目的：探讨鱼藤素通过调控miR-520a-3p表达对卵巢癌SKOV3细胞增殖和凋亡的影响。方法：将SKOV3细胞分为对照组（鱼藤素0 μmol/L）、鱼藤素低剂量（5 μmol/L）、中剂量（10 μmol/L）、高剂量（20 μmol/L）组，miR-NC 组、过表达miR-520a-3p组，鱼藤素+anti-miR-NC 组、鱼藤素+anti-miR-520a-3p组。CCK-8法、细胞集落形成实验、FCM以及qPCR 法分别检测SKOV3细胞的增殖抑制率、细胞克隆形成数、凋亡率以及miR-520a-3p表达水平。结果：与对照组比较，鱼藤素（低、中、高剂量）组SKOV3细胞增殖抑制率、凋亡率、miR-520a-3p 表达水平均显著升高（均P<0.05），细胞克隆形成数显著减少（P<0.05）。与miR-NC 组比较，过表达miR-520a-3p组SKOV3细胞的增殖抑制率、凋亡率均显著升高（均P<0.05），细胞克隆形成数显著减少（P<0.05）。与鱼藤素+anti-miR-NC 组比较，鱼藤素+anti-miR-520a-3p 组SKOV3 细胞的增殖抑制率、凋亡率均显著降低（均P<0.05），细胞克隆形成数显著增多（P<0.05）。结论：鱼藤素通过增加miR-520a-3p表达抑制卵巢癌SKOV3细胞的增殖能力，并诱导其凋亡。

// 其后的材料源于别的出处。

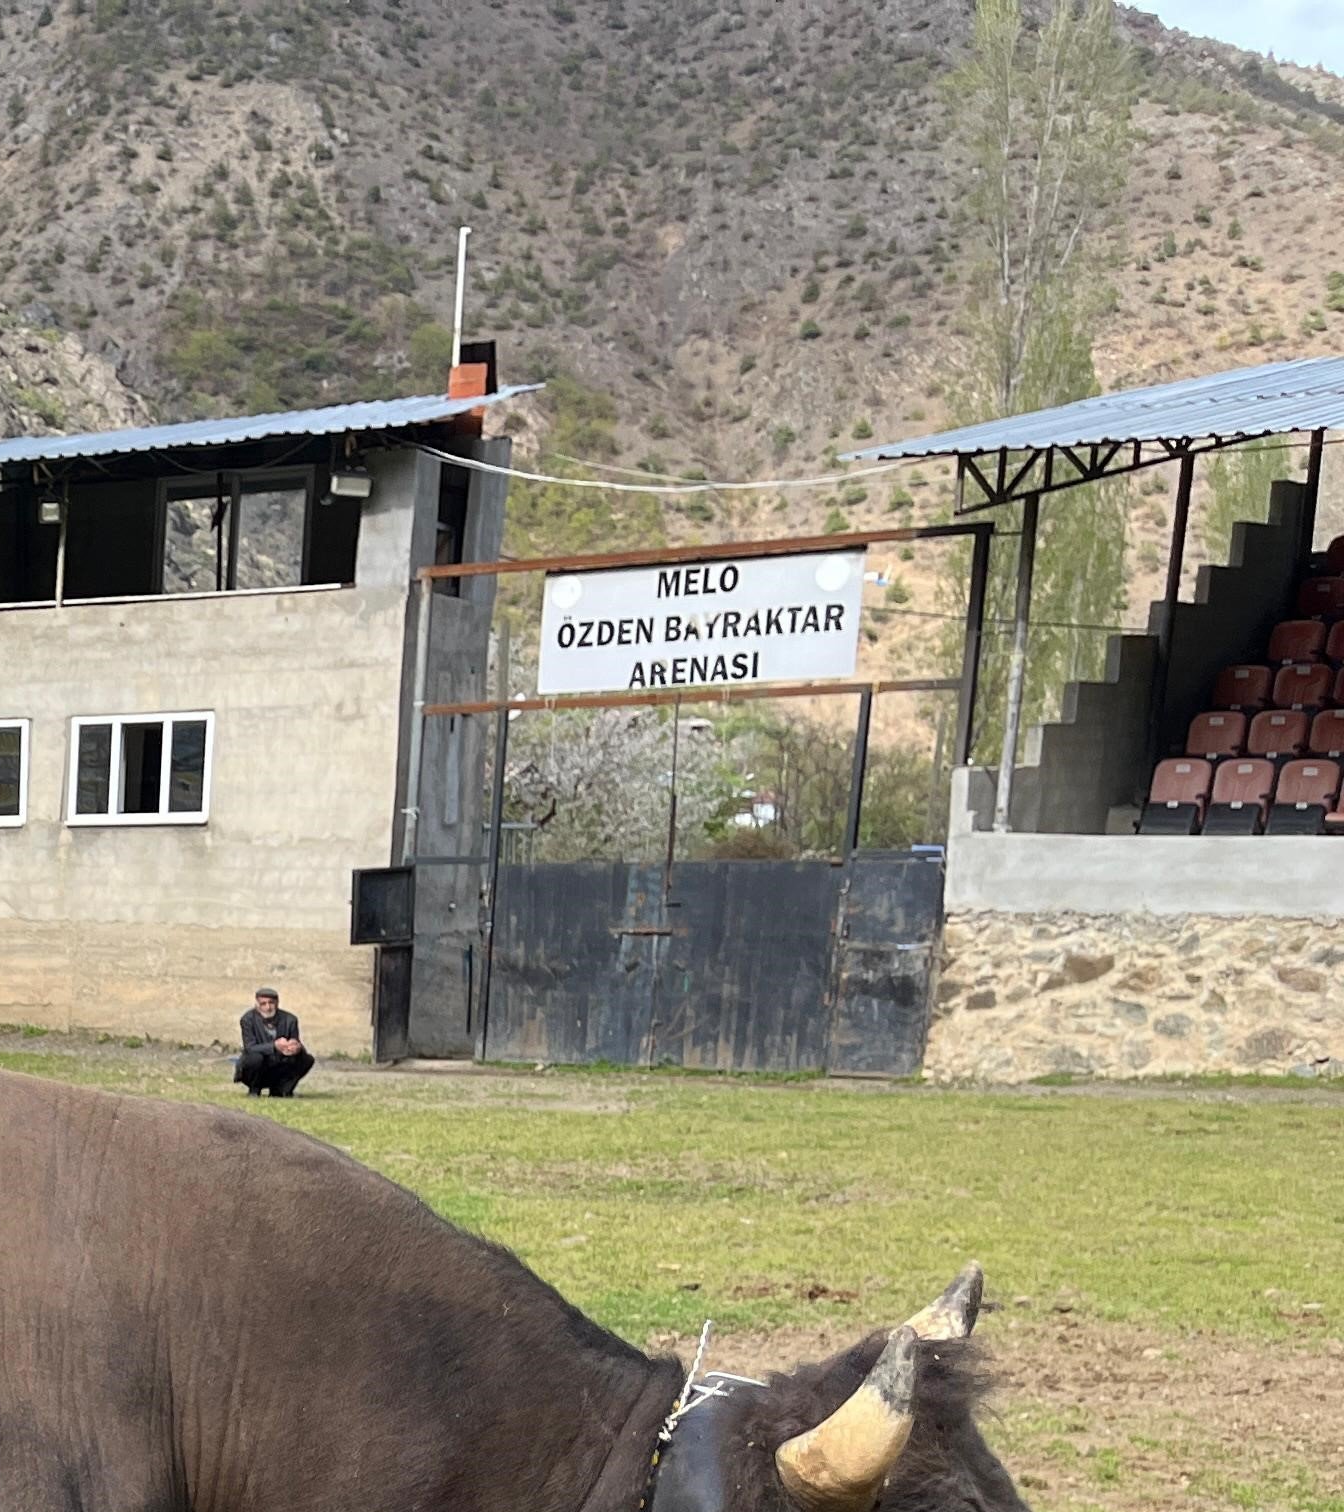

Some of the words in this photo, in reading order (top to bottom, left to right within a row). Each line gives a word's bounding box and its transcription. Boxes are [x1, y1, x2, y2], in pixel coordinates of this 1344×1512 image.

Objective: To investigate the effects of deguelin on the proliferation and apoptosis of ovarian cancer SKOV3 cells by regulating miR-520a-3p. Methods: The SKOV3 cells were divided into the control group (deguelin 0 μmol/L), low-dose deguelin group (5 μmol/L), medium-dose deguelin group (10 μmol/L), and high-dose deguelin group (20 μmol/L), miR-NC group, miR-520a-3p group, deguelin+anti-miR-NC group and deguelin+anti-miR-520a-3p group. CCK-8, colony formation experiment, flow cytometry and qPCR were used to detect the inhibition rate, the number of clone formation, the apoptosis rate and the miR-520a-3p expression of SKOV3 cells respectively. Results: Compared with the control group, the inhibition rate, the apoptosis rate, miR-520a-3p expression of SKOV3 cells in the deguelin (low, medium, and high dose) groups were significantly increased (all P<0.05), and the number of clone formation was significantly reduced (P<0.05). Compared with the miR-NC group, the inhibitory rate and the apoptosis rate of SKOV3 cells in the miR-520a-3p group were significantly increased (all P<0.05), and the number of clone formation was significantly reduced (P<0.05). Compared with the deguelin+anti-miR-NC group, the inhibition rate and the apoptosis rate of SKOV3 cells in the deguelin+anti-miR-520a-3p group were significantly reduced (all P<0.05), and the number of clone formation was significantly increased (P<0.05). Conclusion: Deguelin inhibited the proliferation potential of ovarian cancer SKOV3 cells and induced cell apoptosis by increasing the expression of miR-520a-3p.